» Task prompt: Leave the images out and write out each entry exactly as shown.

::: Records for this exercise

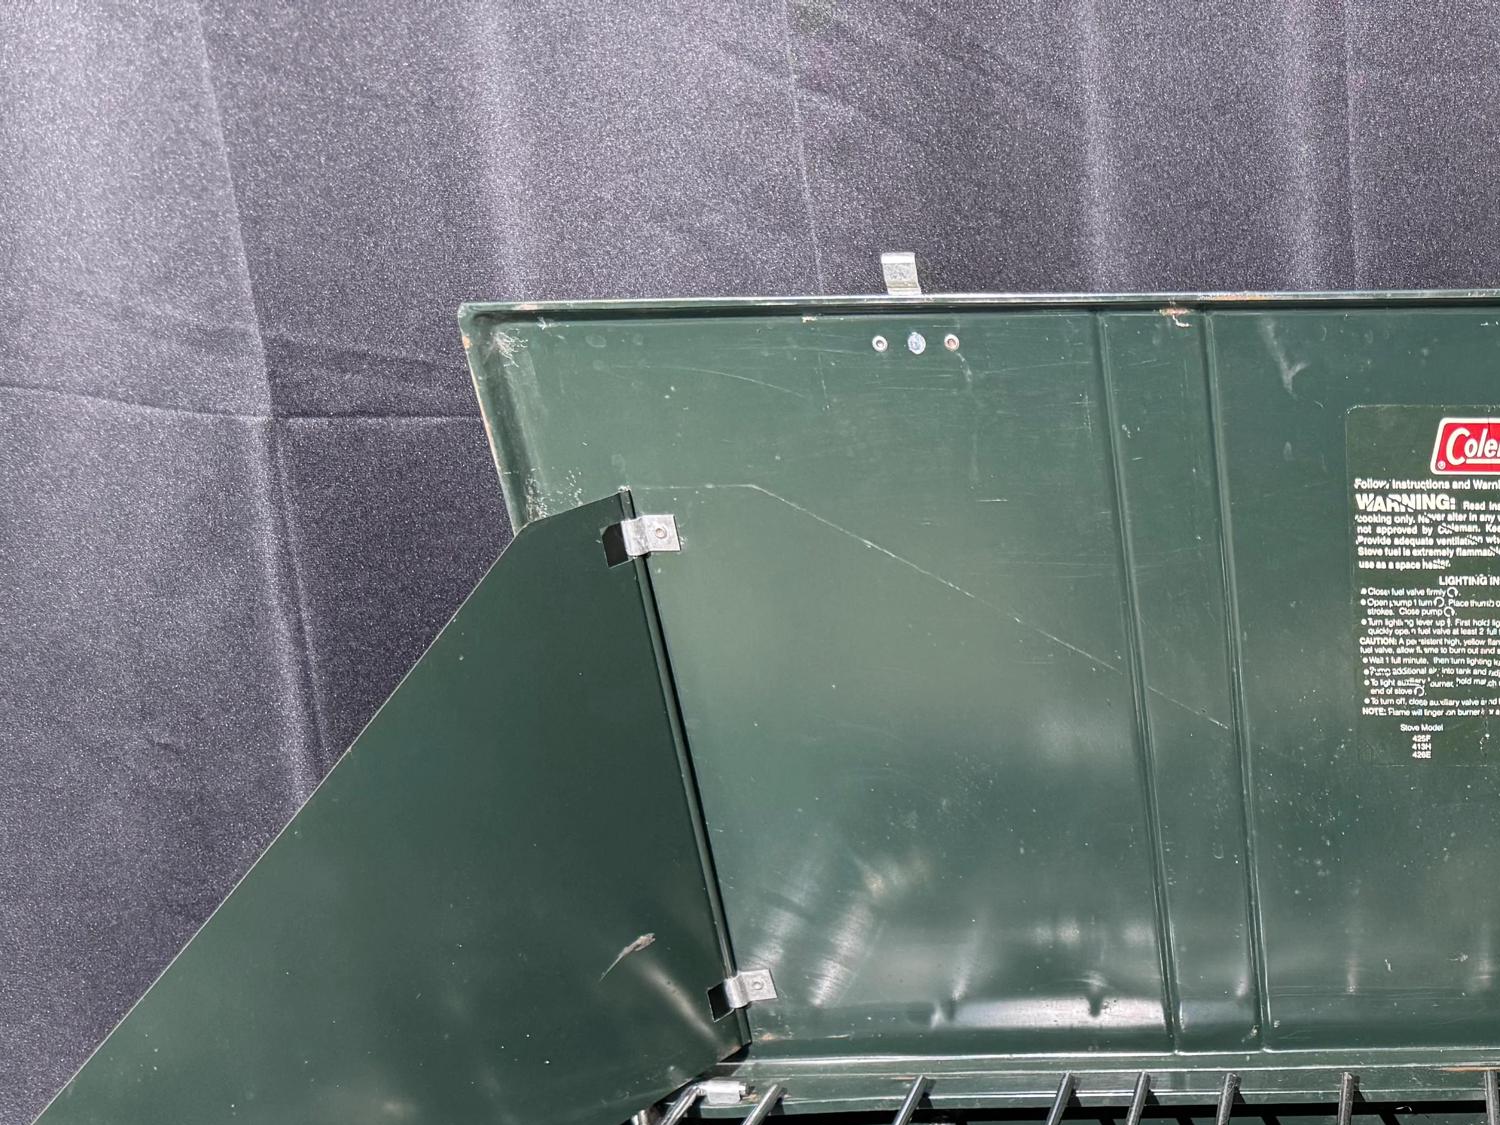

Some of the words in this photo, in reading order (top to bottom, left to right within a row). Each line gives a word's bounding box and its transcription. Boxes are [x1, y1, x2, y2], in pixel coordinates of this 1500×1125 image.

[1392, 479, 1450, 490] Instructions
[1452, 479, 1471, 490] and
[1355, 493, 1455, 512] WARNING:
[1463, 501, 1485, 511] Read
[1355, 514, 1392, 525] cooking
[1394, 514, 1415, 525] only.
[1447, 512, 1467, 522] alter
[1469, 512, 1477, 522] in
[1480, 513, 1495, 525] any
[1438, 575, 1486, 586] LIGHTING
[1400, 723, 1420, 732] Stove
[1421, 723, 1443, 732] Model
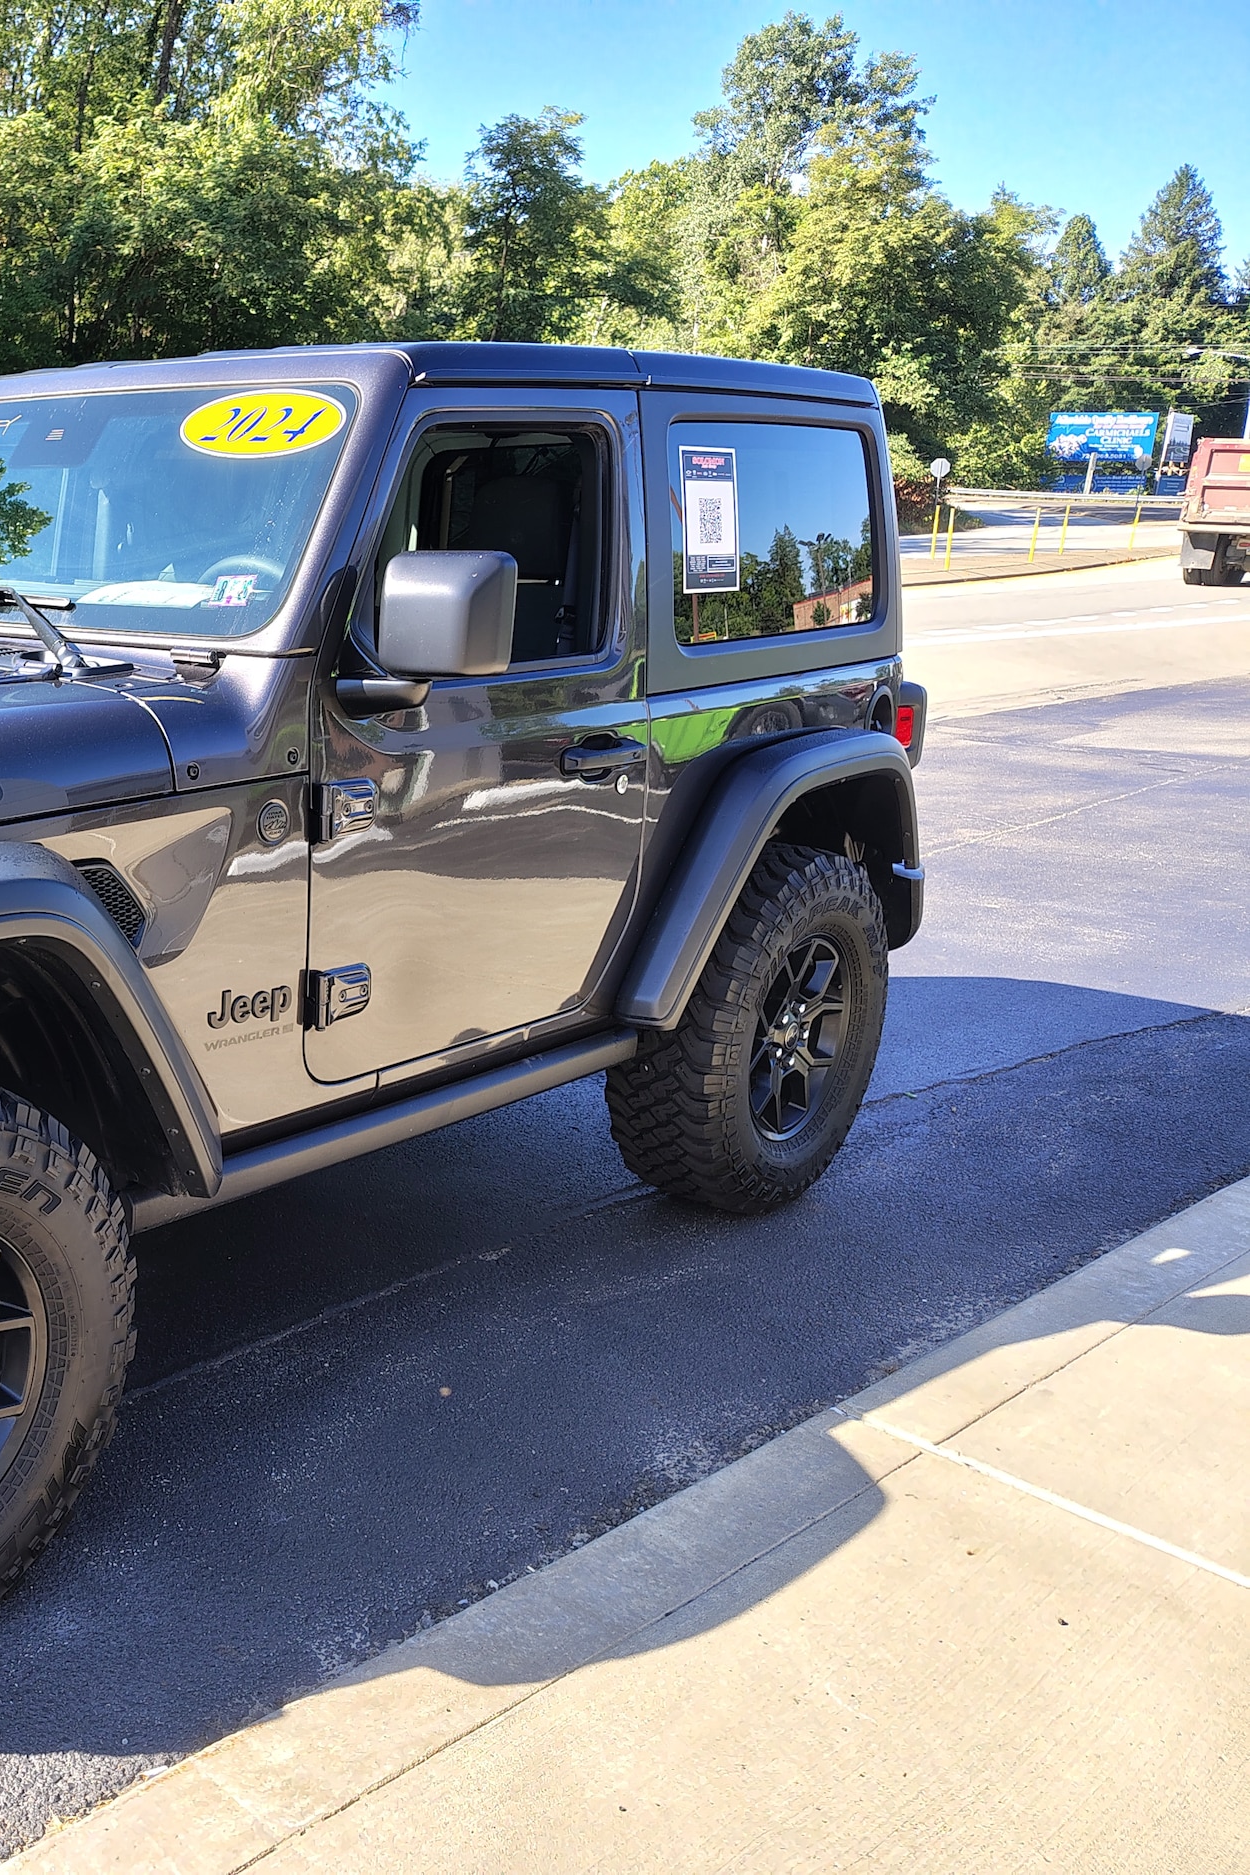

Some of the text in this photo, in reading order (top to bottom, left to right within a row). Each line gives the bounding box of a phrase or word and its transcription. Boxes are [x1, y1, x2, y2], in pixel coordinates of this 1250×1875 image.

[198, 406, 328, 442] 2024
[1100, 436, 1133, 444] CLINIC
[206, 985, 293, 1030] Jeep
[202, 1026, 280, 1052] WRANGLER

::::::

» Output for this exercise:
Some of the words in this photo, in reading order (top to bottom, left to right within a row). Each line gives a word's bounding box and its transcription. Boxes are [x1, y1, x2, y2], in pixel coordinates of this 1500×1125 image.

[1392, 479, 1450, 490] Instructions
[1452, 479, 1471, 490] and
[1355, 493, 1455, 512] WARNING:
[1463, 501, 1485, 511] Read
[1355, 514, 1392, 525] cooking
[1394, 514, 1415, 525] only.
[1447, 512, 1467, 522] alter
[1469, 512, 1477, 522] in
[1480, 513, 1495, 525] any
[1438, 575, 1486, 586] LIGHTING
[1400, 723, 1420, 732] Stove
[1421, 723, 1443, 732] Model

Some of the text in this photo, in reading order (top to bottom, left to right within a row). Each line gives the bounding box of a phrase or word and its transcription. Boxes are [x1, y1, x2, y2], in pixel coordinates of this 1250×1875 image.

[198, 406, 328, 442] 2024
[1100, 436, 1133, 444] CLINIC
[206, 985, 293, 1030] Jeep
[202, 1026, 280, 1052] WRANGLER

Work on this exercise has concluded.